◆ PROVIDED ENTRIES:
○ ○ ○ ○ ○ ○ ○
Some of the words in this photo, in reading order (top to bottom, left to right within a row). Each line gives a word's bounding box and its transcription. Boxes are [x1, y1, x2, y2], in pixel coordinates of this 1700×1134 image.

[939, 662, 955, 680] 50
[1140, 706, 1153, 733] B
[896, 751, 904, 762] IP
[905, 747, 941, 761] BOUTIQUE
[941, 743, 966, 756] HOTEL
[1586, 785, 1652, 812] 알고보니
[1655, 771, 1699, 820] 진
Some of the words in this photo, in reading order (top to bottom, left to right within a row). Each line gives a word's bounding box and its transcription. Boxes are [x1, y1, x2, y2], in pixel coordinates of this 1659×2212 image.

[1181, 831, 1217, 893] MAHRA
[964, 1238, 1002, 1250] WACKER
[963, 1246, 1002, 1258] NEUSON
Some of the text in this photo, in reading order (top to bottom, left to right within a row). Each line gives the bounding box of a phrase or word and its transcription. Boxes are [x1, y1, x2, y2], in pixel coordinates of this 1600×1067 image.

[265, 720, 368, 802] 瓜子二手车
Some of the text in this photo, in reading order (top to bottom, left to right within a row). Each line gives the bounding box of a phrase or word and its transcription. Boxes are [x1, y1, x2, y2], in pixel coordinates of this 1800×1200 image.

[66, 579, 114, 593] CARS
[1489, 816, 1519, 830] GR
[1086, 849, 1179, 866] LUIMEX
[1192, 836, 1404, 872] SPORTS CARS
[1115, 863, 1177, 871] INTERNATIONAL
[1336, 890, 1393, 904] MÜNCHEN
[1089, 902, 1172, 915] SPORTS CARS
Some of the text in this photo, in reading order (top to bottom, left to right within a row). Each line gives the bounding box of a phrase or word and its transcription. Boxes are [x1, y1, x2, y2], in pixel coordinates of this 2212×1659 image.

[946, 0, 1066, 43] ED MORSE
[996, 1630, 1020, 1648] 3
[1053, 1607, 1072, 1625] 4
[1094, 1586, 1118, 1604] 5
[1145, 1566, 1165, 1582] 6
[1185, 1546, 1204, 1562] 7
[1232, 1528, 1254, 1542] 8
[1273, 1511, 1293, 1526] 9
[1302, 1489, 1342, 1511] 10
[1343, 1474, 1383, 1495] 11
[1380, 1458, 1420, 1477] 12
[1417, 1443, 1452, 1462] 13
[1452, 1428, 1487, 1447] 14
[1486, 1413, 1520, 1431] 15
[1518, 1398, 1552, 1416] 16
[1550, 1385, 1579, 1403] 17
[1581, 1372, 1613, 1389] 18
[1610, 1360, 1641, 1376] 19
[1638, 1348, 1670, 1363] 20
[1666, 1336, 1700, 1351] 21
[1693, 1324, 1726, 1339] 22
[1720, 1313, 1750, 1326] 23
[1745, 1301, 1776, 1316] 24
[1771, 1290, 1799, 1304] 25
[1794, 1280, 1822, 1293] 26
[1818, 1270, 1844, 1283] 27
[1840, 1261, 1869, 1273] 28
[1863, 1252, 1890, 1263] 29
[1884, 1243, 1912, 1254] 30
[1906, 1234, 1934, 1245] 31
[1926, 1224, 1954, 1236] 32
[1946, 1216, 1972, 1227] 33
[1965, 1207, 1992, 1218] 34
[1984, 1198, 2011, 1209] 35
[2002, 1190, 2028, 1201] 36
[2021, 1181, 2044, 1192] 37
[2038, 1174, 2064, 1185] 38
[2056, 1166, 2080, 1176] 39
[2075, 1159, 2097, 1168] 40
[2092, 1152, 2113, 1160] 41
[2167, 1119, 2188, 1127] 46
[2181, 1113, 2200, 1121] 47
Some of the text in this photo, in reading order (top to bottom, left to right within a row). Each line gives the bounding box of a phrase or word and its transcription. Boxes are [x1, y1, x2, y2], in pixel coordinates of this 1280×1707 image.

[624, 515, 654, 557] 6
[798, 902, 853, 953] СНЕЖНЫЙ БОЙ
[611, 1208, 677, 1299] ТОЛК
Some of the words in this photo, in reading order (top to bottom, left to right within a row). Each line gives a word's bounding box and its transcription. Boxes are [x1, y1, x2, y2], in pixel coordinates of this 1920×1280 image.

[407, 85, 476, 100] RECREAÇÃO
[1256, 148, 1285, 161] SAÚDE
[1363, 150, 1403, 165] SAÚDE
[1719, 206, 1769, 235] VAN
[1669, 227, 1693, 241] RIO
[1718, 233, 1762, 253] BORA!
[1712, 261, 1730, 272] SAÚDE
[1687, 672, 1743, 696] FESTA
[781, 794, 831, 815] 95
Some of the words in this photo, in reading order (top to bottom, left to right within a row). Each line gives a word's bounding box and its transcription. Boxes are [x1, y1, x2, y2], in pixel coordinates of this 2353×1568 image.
○ ○ ○ ○ ○ ○ ○
Output consists of exactly the lines from the one containing "this 1920×1280 image." to the end of the records above, retyped without change and with nothing extra.

Some of the words in this photo, in reading order (top to bottom, left to right within a row). Each line gives a word's bounding box and its transcription. Boxes are [x1, y1, x2, y2], in pixel coordinates of this 1920×1280 image.

[407, 85, 476, 100] RECREAÇÃO
[1256, 148, 1285, 161] SAÚDE
[1363, 150, 1403, 165] SAÚDE
[1719, 206, 1769, 235] VAN
[1669, 227, 1693, 241] RIO
[1718, 233, 1762, 253] BORA!
[1712, 261, 1730, 272] SAÚDE
[1687, 672, 1743, 696] FESTA
[781, 794, 831, 815] 95
Some of the words in this photo, in reading order (top to bottom, left to right within a row). Each line gives a word's bounding box and its transcription. Boxes are [x1, y1, x2, y2], in pixel coordinates of this 2353×1568 image.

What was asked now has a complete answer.